[Data shown]

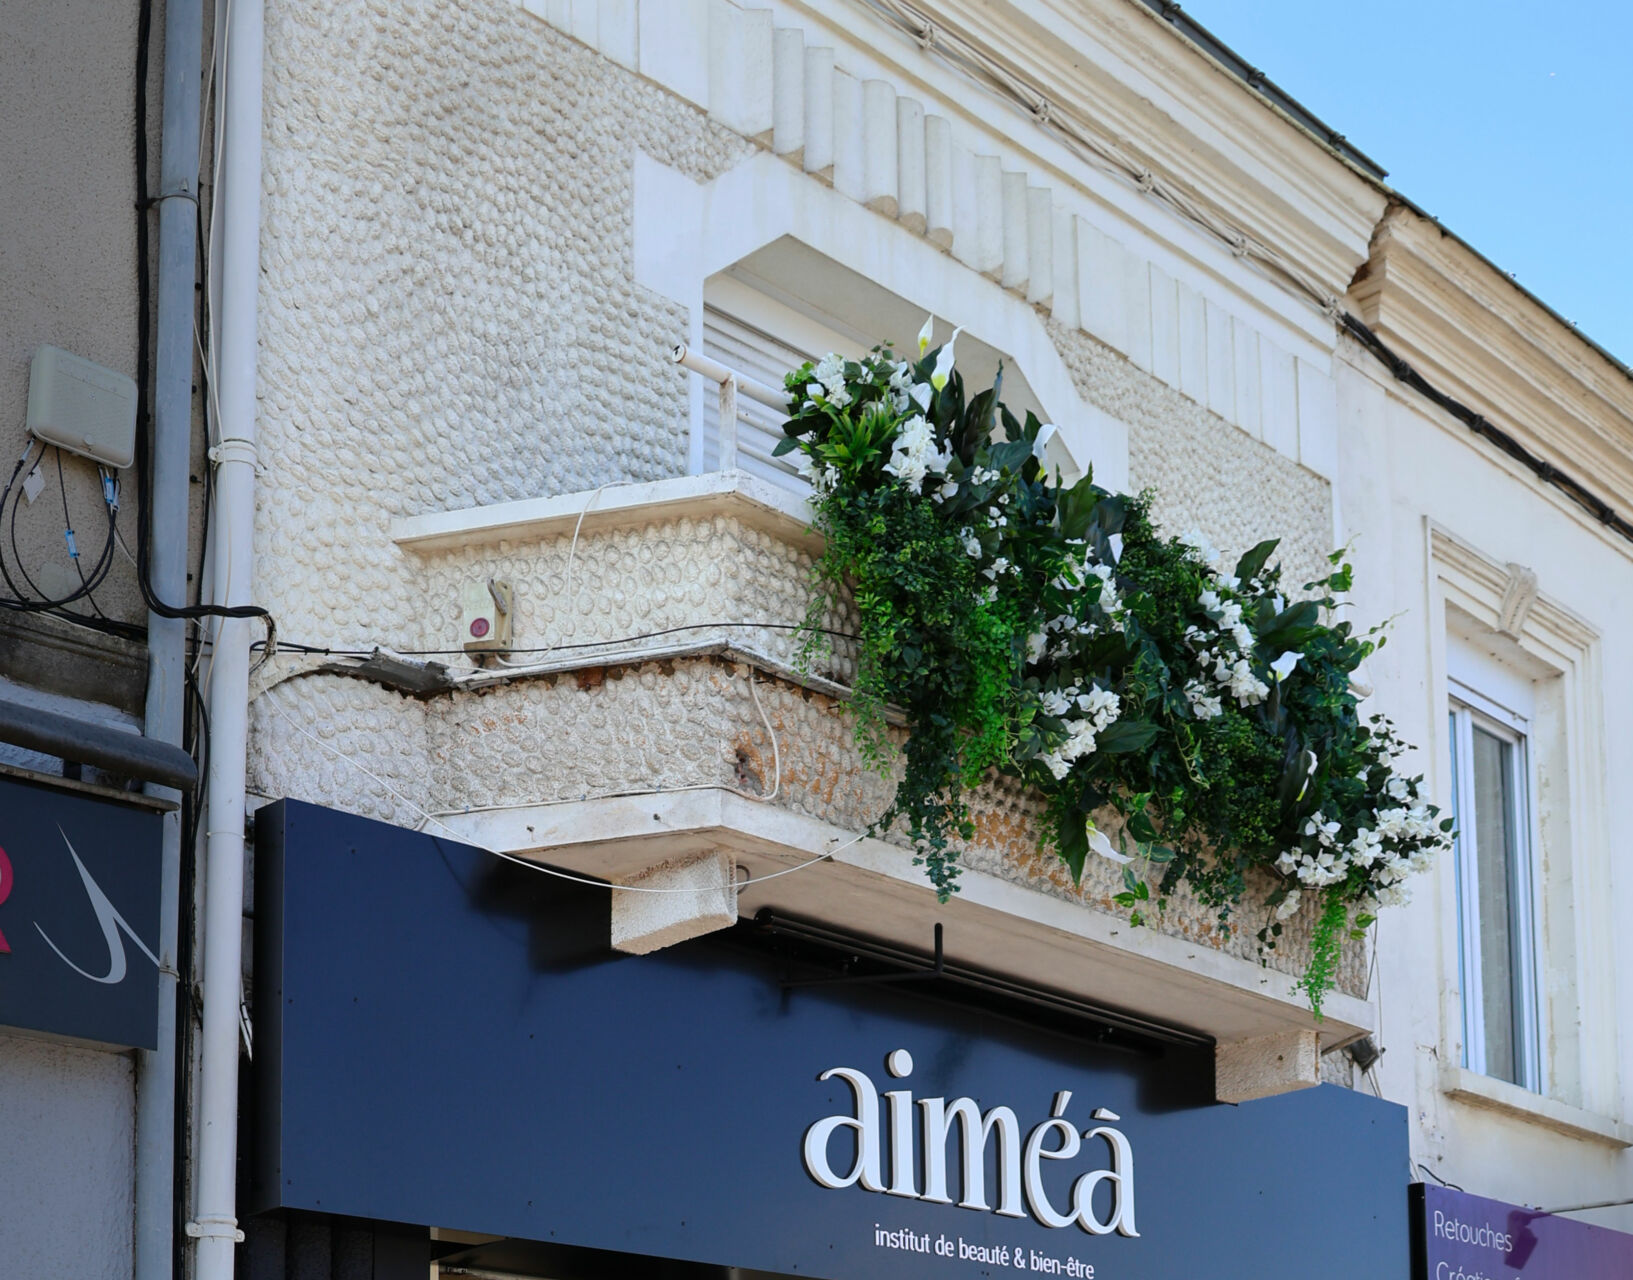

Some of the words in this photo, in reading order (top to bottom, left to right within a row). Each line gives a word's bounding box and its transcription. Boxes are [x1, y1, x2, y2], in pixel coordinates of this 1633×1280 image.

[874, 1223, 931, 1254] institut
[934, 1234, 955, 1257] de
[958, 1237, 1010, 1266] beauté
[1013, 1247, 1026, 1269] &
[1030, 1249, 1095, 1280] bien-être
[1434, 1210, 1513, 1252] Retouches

[Prompt] Skipping the pictures, transcribe each line above exactly as it appears.

[Reply to the task]
Some of the words in this photo, in reading order (top to bottom, left to right within a row). Each line gives a word's bounding box and its transcription. Boxes are [x1, y1, x2, y2], in pixel coordinates of this 1633×1280 image.

[874, 1223, 931, 1254] institut
[934, 1234, 955, 1257] de
[958, 1237, 1010, 1266] beauté
[1013, 1247, 1026, 1269] &
[1030, 1249, 1095, 1280] bien-être
[1434, 1210, 1513, 1252] Retouches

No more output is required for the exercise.